Christian legal group urges US supreme court to overturn ‘conversion therapy’ ban

people protest in front of building
Protesters rally on Minnesota state capitol steps in St Paul, on 21 March 2019. Photograph: Jim Mone/AP

A Christian legal group is urging the US supreme court to overturn a ban on “conversion therapy” on Tuesday in a high-stakes case that could roll back the rights of LGBTQ+ youth across the country.

In Chiles v Salazar, the Alliance Defending Freedom (ADF) is representing a woman who objected to a 2019 Colorado law outlawing conversion practices for youth under age 18. The law applies to licensed mental health clinicians who seek to change a patient’s gender identity or sexual orientation, discredited tactics that major medical associations have said are ineffective and harmful.

Colorado is one of more than 20 states in the US that have banned conversion practices, and a ruling in ADF’s favor could make those laws vulnerable to similar challenges.

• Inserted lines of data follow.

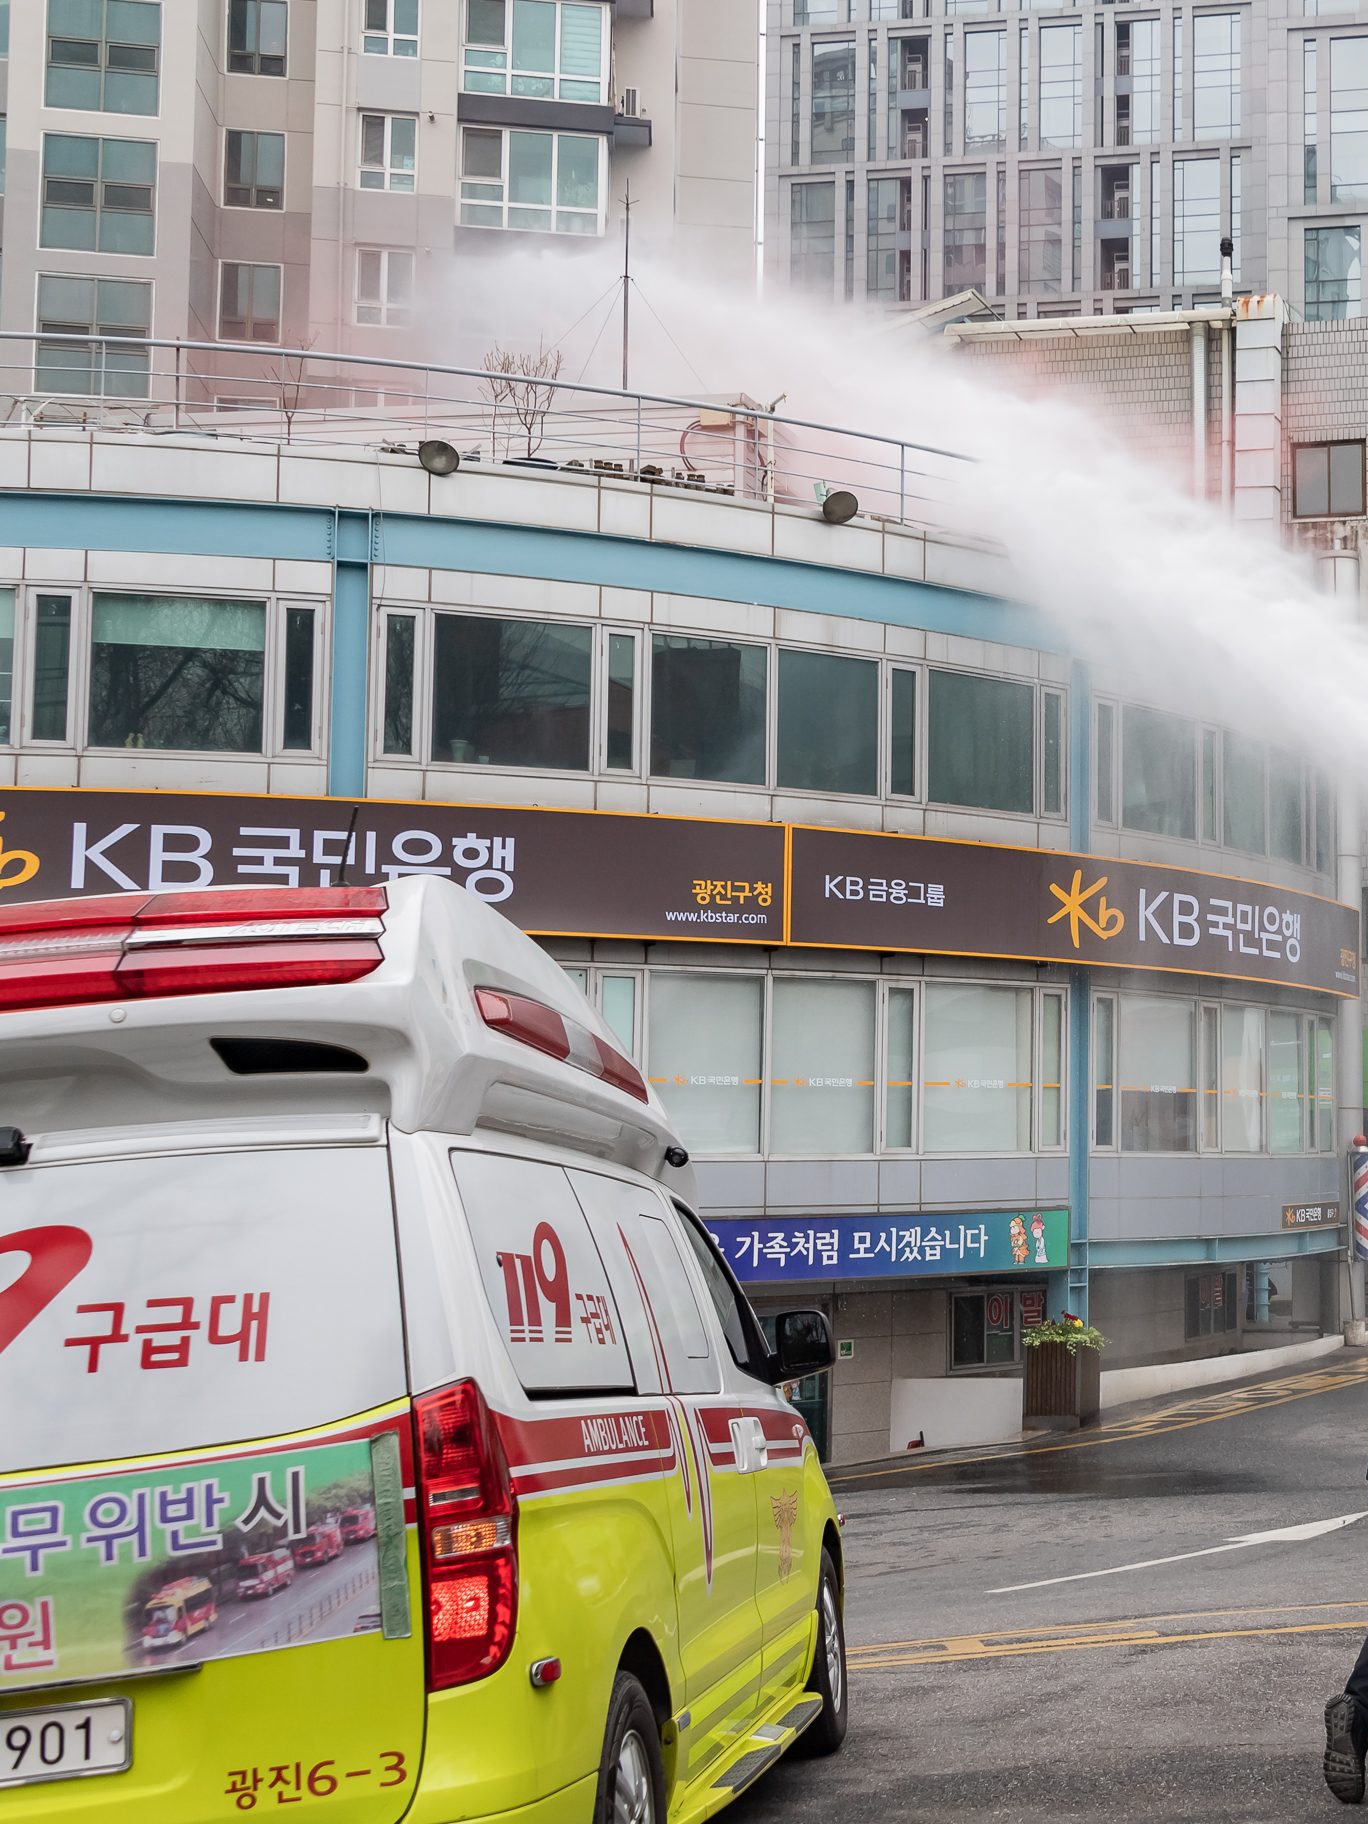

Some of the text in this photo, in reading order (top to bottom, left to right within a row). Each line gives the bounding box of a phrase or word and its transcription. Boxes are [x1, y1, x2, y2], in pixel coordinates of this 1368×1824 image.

[692, 879, 772, 907] 광진구청
[665, 909, 768, 925] www.kbstar.com
[735, 1228, 840, 1268] 가족처럼
[848, 1224, 989, 1262] 모시겠습니다
[496, 1221, 573, 1343] 119
[63, 1291, 271, 1374] 구급대
[580, 1411, 650, 1453] AMBULANCE
[224, 1750, 408, 1811] 광진6-3

ADF, a conservative organization behind major anti-abortion and anti-LGBTQ+ cases, is representing Kaley Chiles, a licensed Colorado counselor who is Christian and contends the ban violates her first amendment rights to discuss her faith with patients. Her petition, Colorado’s lawyers argue, is based on a hypothetical infringement on her free speech, since the state has not received a complaint about Chiles nor disciplined her.

ADF says Chiles has begun “censoring herself” with her clients due to fear of the law, and her 2022 lawsuit against the ban was a “pre-enforcement challenge”.

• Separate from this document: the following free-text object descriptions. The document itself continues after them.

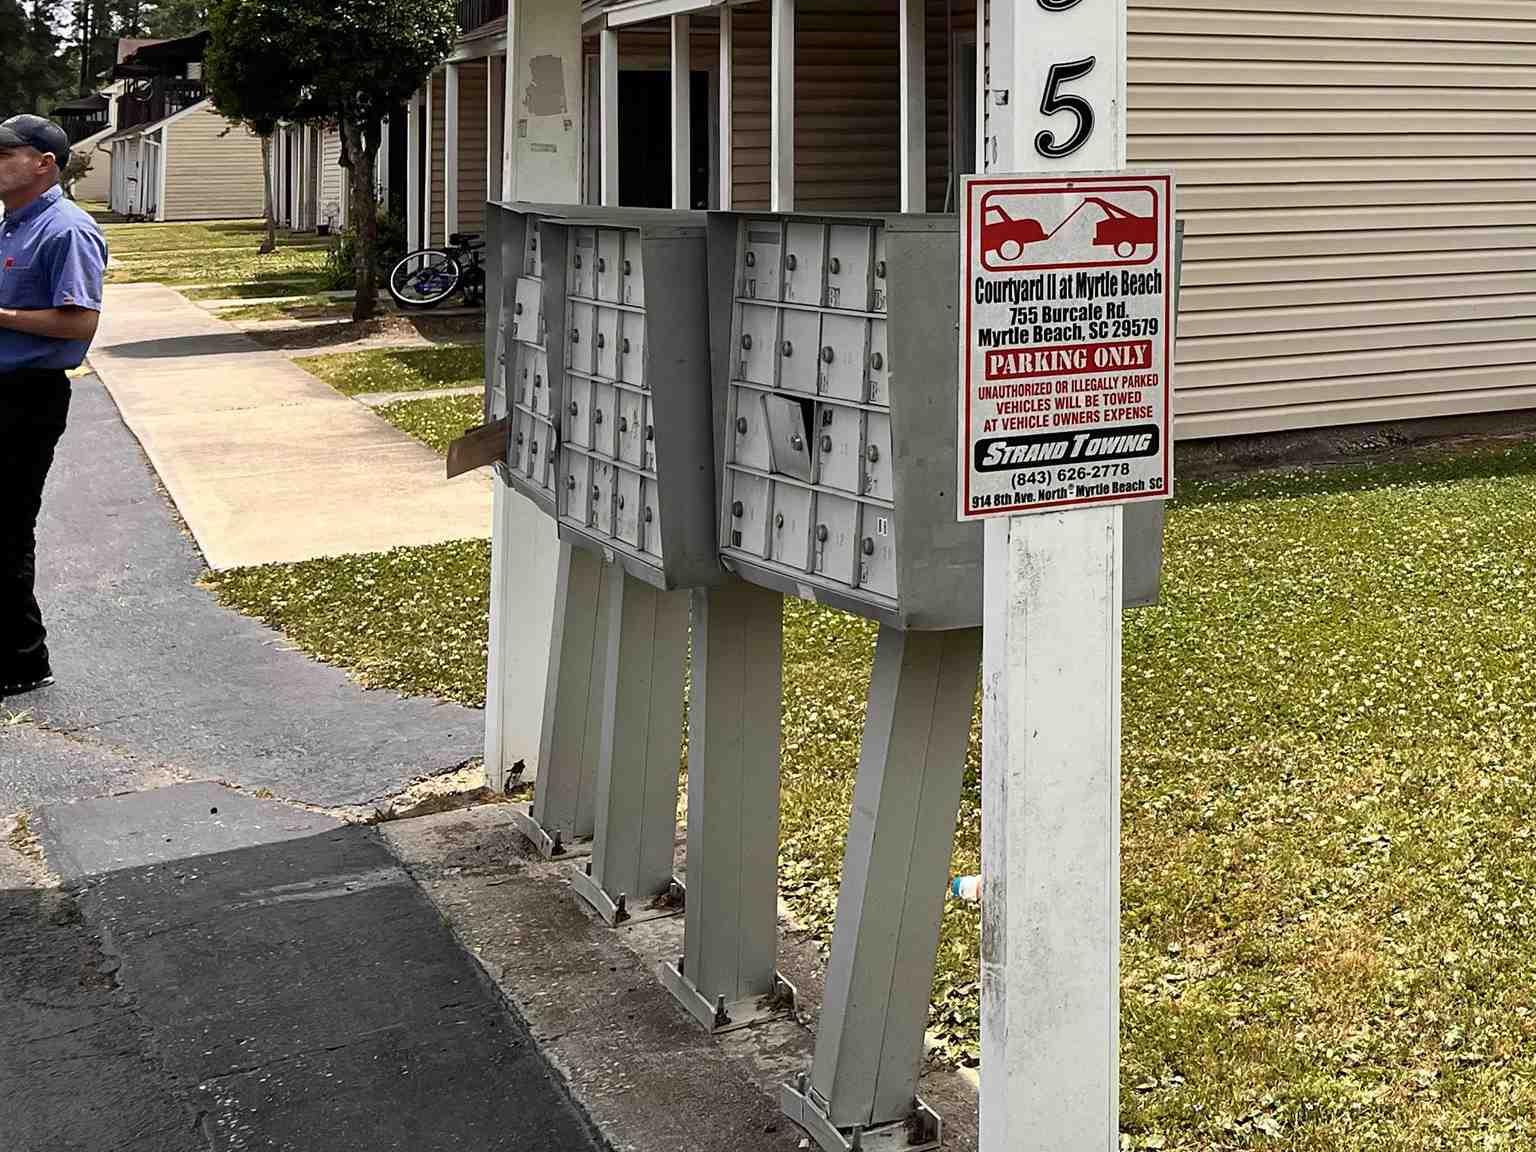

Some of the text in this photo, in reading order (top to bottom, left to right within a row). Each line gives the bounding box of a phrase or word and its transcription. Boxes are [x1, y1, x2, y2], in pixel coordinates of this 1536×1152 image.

[975, 269, 1162, 305] Courtyard II at Myrtle Beach
[1009, 301, 1129, 326] 755 Burcale Rd.
[978, 317, 1158, 348] Myrtle Beach, SC 29579
[989, 345, 1148, 376] PARKING ONLY
[978, 373, 1159, 401] UNAUTHORIZED OR ILLEGALLY PARKED
[996, 391, 1142, 416] VEHICLES WILL BE TOWED
[983, 405, 1153, 433] AT VEHICLE OWNERS EXPENSE
[982, 433, 1152, 467] STRAND TOWING
[1011, 463, 1130, 490] (843) 626-2778
[972, 494, 992, 509] 914
[993, 491, 1012, 506] 8th
[1013, 490, 1036, 504] Ave.
[1038, 486, 1067, 500] North
[1076, 483, 1109, 499] Myrtle
[1112, 479, 1145, 494] Beach
[1149, 477, 1162, 490] SC

The law does not apply to non-medical professionals, such as religious ministers, and does not regulate the conduct of practitioners like Chiles outside of their work.

Conversion practices are condemned by the American Psychological Association, American Medical Association, the American Academy of Child and Adolescent Psychiatry and other major groups, with experts noting the techniques are linked to increased depression and suicide attempts. The outlawed practices – sometimes called “reparative” therapy or “sexual orientation change efforts” – have historically involved outdated tactics such as electrical shocks but can also take the form of religious counseling or talk therapy aimed at suppressing LGBTQ+ people’s identities and expression.

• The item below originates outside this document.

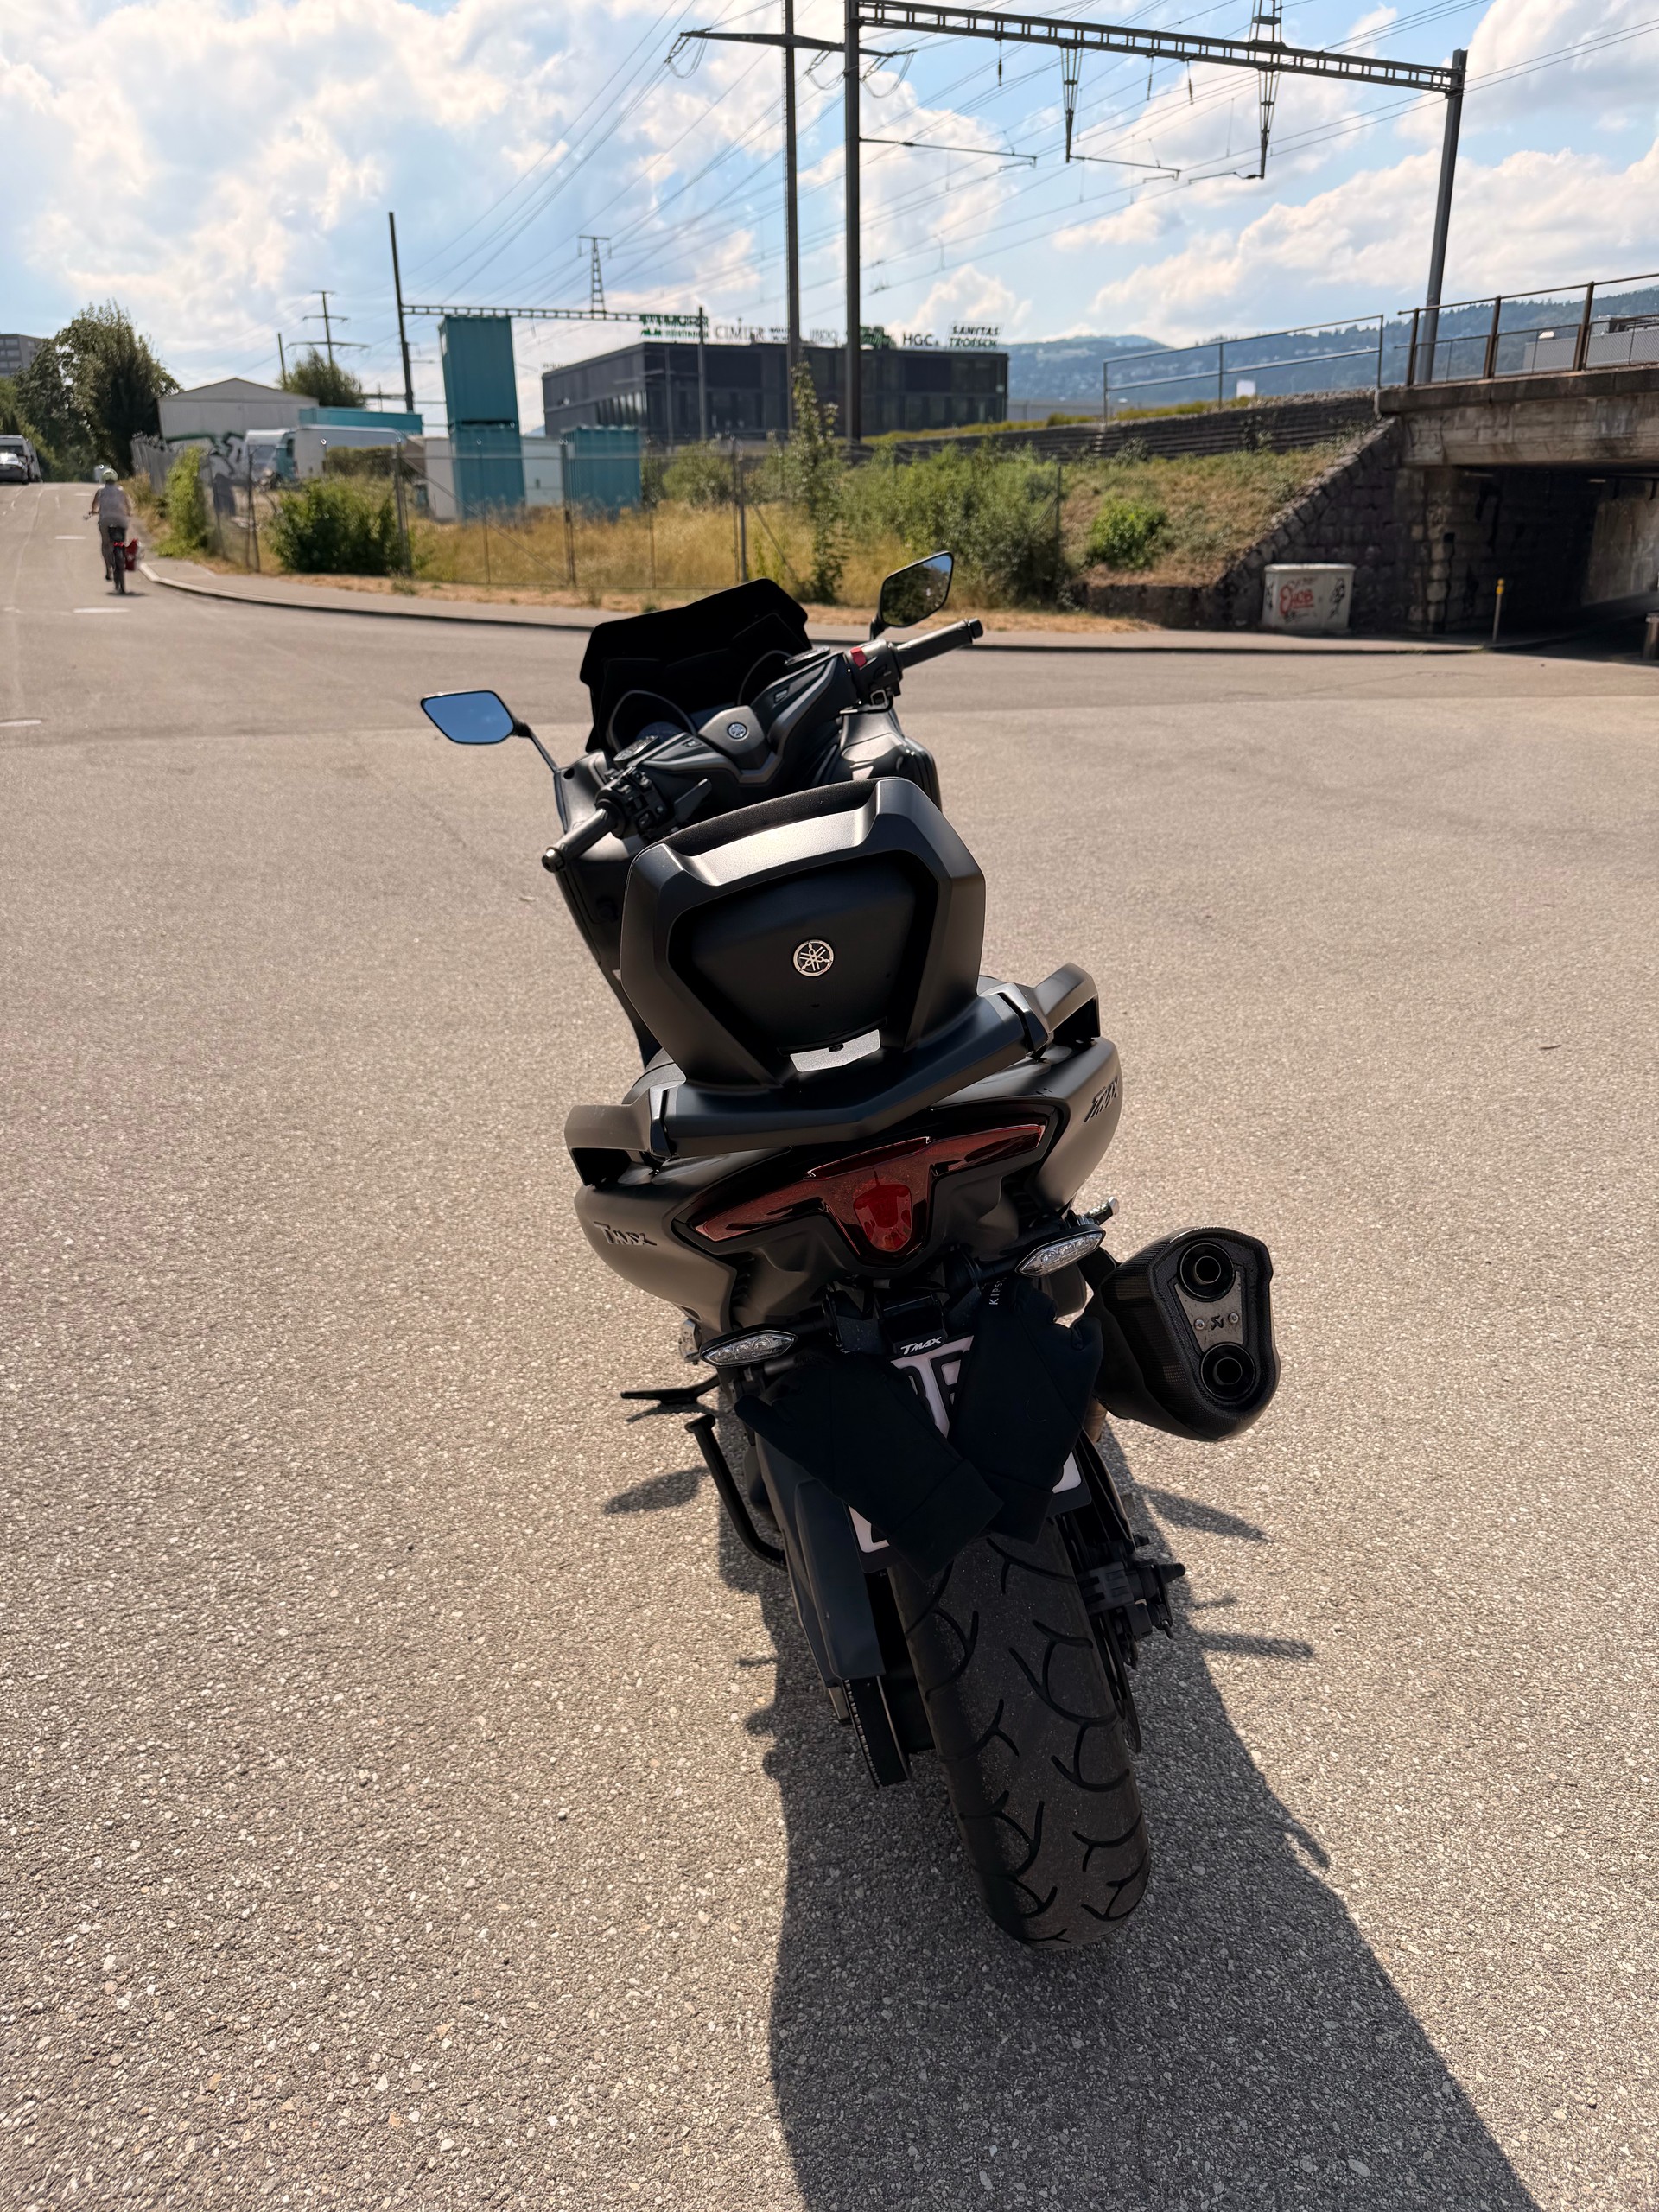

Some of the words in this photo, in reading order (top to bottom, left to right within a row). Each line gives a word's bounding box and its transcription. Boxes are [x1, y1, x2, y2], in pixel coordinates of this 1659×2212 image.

[903, 330, 934, 346] HGC
[952, 325, 999, 336] SANITAS
[900, 1336, 942, 1355] TMAX

ADF has referenced several academic experts in its petition to reauthorize conversion practices. But two of those cited scholars, in interviews with the Guardian published Monday, argued that ADF had “profoundly” misrepresented their work.

ADF cited a 2016 paper from renowned sexuality researcher Dr Lisa Diamond and law professor Clifford Rosky, both from the University of Utah, which argued that people’s sexual orientation can naturally shift over time, and that LGBTQ+ rights should be protected regardless of whether people’s sexuality is fluid or fixed.

The paper explicitly condemned conversion practices as “not only ineffective in changing sexual orientation but … psychologically damaging, often resulting in elevated rates of depression, anxiety, and suicidality”. But ADF nonetheless cited it after arguing a “growing body of research reveals how critical Chiles’s counseling is”. ADF also cited the work of a deceased researcher, whose family said they were “deeply disturbed” by the “distortion” of his work.

ADF in an earlier statement defended its quotations as “accurate”.